So, you can imagine the problems that arise for a pattern designer. How can she account for every knitters’ tension so that both the tightest and loosest knitter can knit the same pattern in the same size and end up with identically sized garments? You guessed it – with gauge! Think of gauge as a way to measure tension.
What is Knitting Gauge, Exactly?
So, let’s dissect a knitting gauge together. A typical knitting pattern will include gauge instructions that look something like this:
Gauge: 10 sts/15 rows = 4 inches in stockinette stitch
This means that if you knit 10 stitches for 14 rows in stockinette stitch, these stitches should measure 4 inches in width and height.

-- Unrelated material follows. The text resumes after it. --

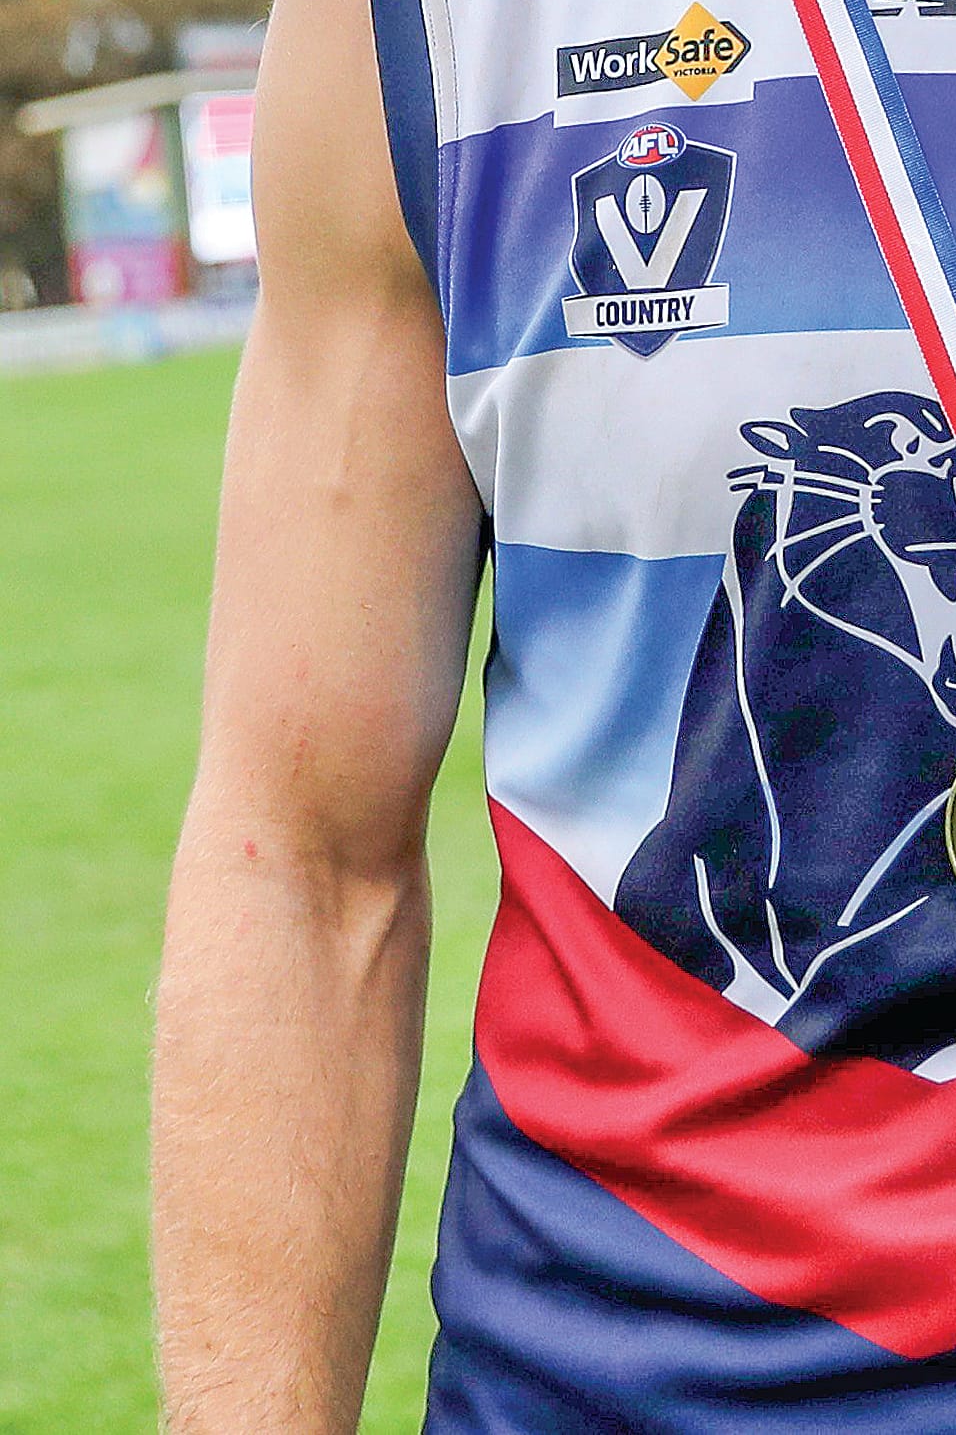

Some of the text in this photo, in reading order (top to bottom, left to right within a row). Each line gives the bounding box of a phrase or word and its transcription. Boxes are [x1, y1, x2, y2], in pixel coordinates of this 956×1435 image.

This piece of knitting is called a gauge swatch. If your gauge swatch matches the gauge of your pattern, then you’ve achieved the correct gauge (or, tension) that your pattern requires. Now you can start knitting. Wahoo!
But, let’s back up a bit. Gauge is a balancing act that involves three things:
- Needle size
- Yarn weight
- Your knitting tension
Now, you can’t change your knitting tension. It’s unique to you, and flows naturally from your fingers. So unless you’re pulling your yarn in a death grip or knitting so loosely that you’ve got holes in your fabric, embrace your knitting tension. It’s yours and yours alone!

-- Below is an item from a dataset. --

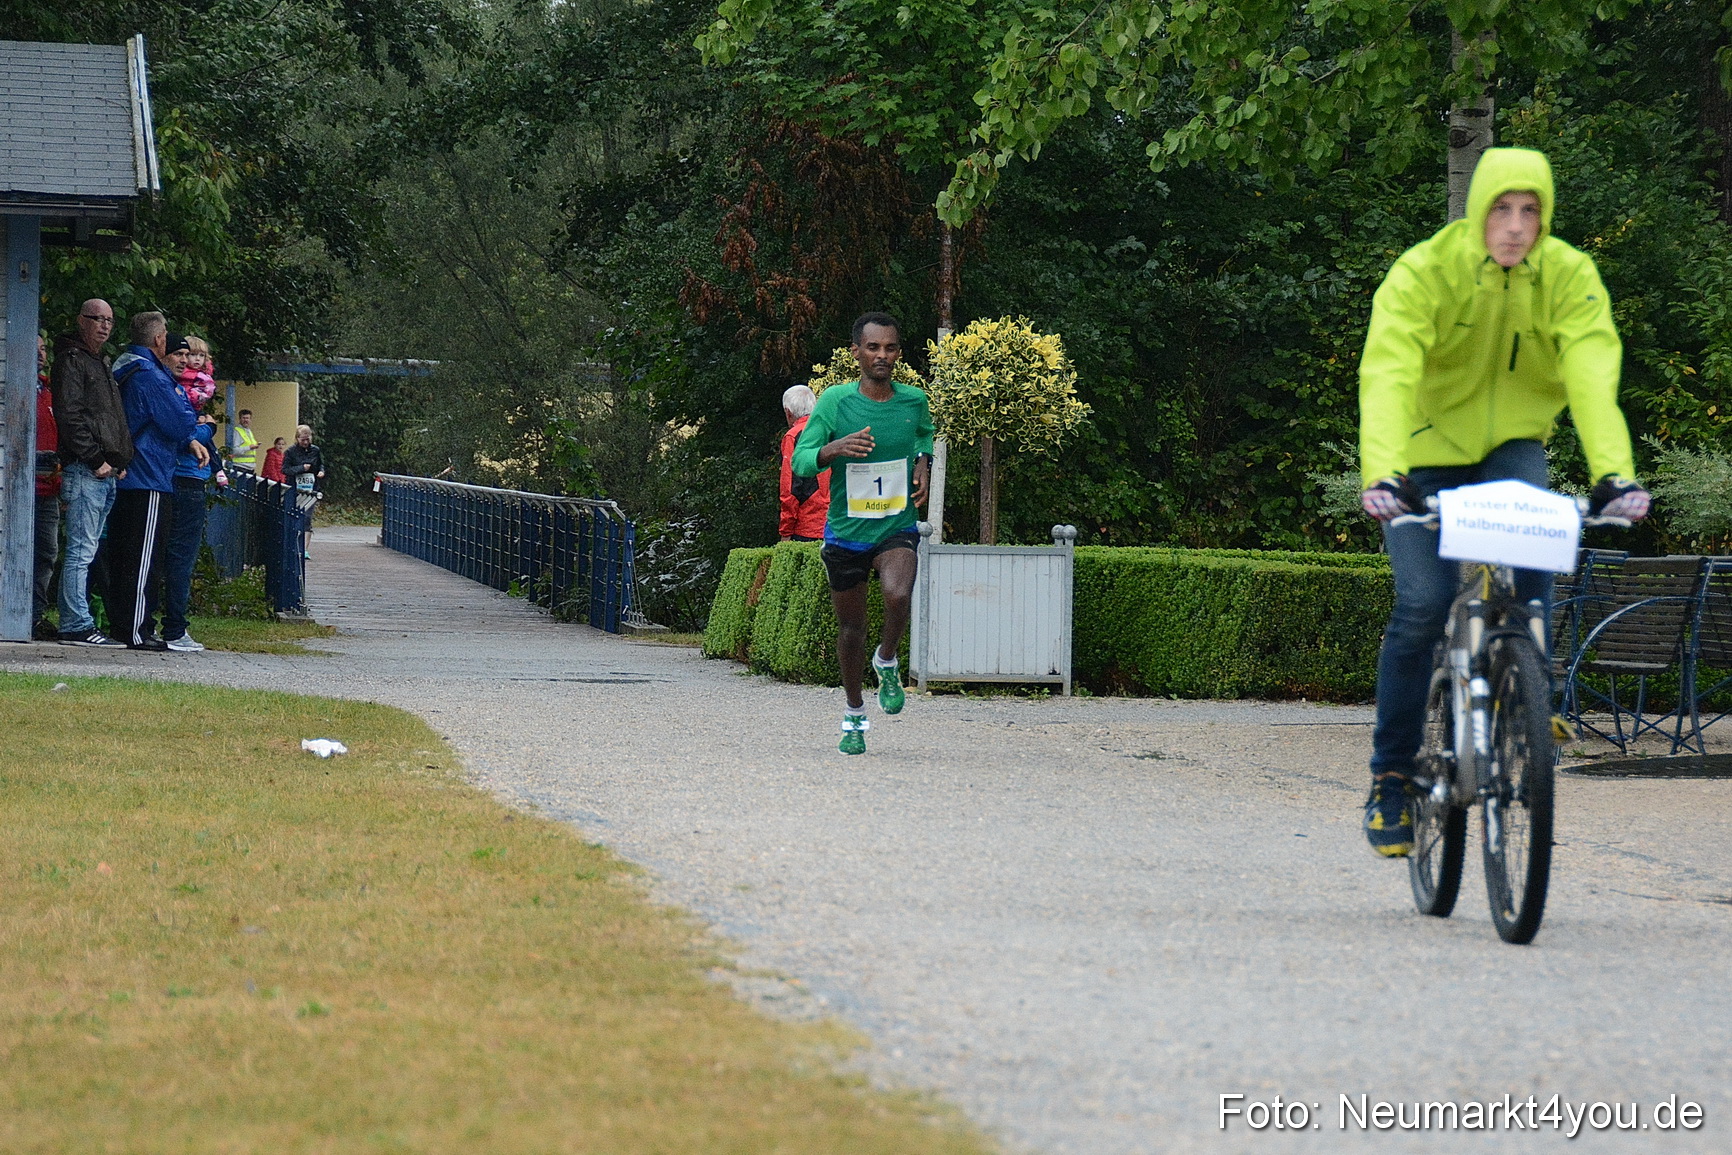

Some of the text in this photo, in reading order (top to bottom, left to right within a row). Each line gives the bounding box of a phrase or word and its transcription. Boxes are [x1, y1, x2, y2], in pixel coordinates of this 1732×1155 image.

[873, 476, 883, 496] 1
[1463, 500, 1559, 515] Erster Mann
[1456, 516, 1567, 539] Halbmarathon

So, knitting tension you can’t control. But you can experiment with the two other variables:
- Needle size
- Yarn weight
Your knitting tension
Both needle size and yarn weight are controllable, and you can play around with them to get the gauge for your pattern.
But How Do I Actually Knit this Gauge Swatch?
First: choose a yarn and a needle size that you’ll potentially use for your pattern. Most patterns will have a recommended needle size and yarn weight. Use these as a starting point.
Then, it’s time to cast on. The rule of thumb is to add a few extra stitches onto your gauge swatch. Our hypothetical gauge asks for 10sts and 15 rows in stockinette.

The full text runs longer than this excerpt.